O primeiro set já mostrou como seria a partida. O Blausiegel/São Caetano se impôs desde o começo. Depois de abrir uma boa vantagem, deu uma relaxada e o Sollys/Osasco chegou entrar no jogo, mas perdeu a parcial. Na sequência, o inverso. No segundo set, a equipe de Osasco se encaixou (a única vez na partida) e o São Caetano aceitou, sendo derrotado.

Festa das jogadoras do São Caetano

Festa das jogadoras do São Caetano

Nas duas parciais seguintes, história foi parecida com a da primeira. Mas agora o domínio das comandadas por Mauro Grasso foi praticamente absoluto.

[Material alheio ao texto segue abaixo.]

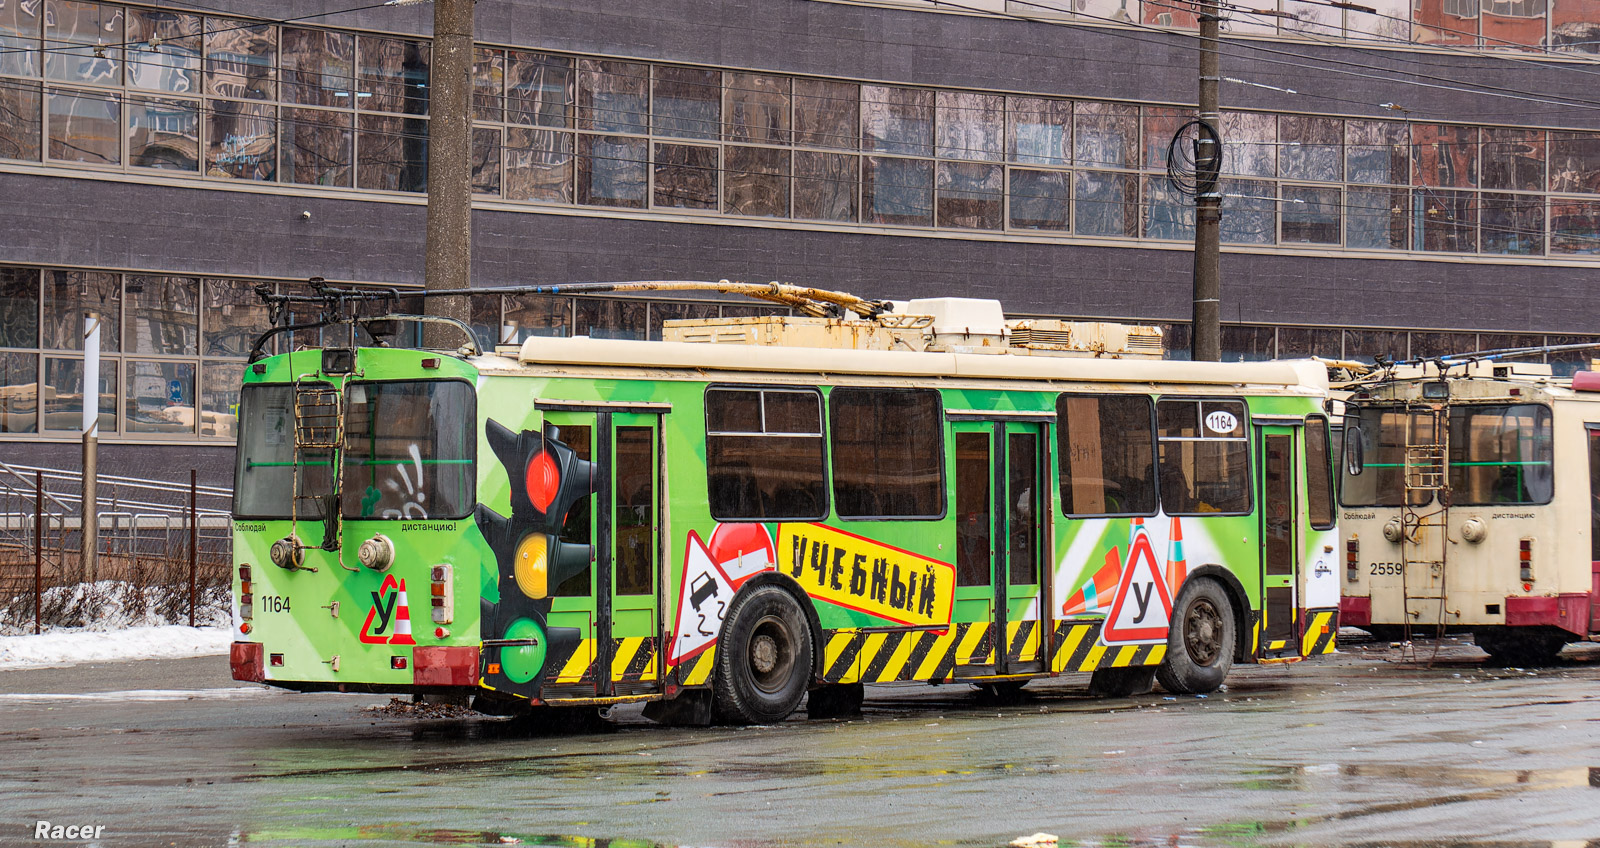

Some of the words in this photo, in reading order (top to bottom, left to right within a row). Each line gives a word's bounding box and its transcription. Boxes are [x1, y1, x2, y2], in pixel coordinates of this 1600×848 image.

O Sollys/Osasco parou e passou a errar demais. Do outro lado, também erros, mas que foram compensados por pontos de bloqueios e pelo entrosamento do time. Final, 3 a 1 para o Blausiegel/São Caetano (25/21, 19/25, 25/19 e 25/18).

As donas da casa fizeram belos bloqueios. No final, foram 16 pontos contra apenas seis das visitantes. Além disso, a afinidade de Fofão com as atacantes do São Caetano foi crucial. Com 40 anos e um dia, a levantadora deu aula de distribuição, salvou bolas complicadas, levou bolada no rosto e continou a jogada, acelerou pelo meio e fez seus pontos de largada. E se algo começava a dar errado, como no final dos sets quando o Osasco ameaçava crescer, era bola para Sheilla e ponto.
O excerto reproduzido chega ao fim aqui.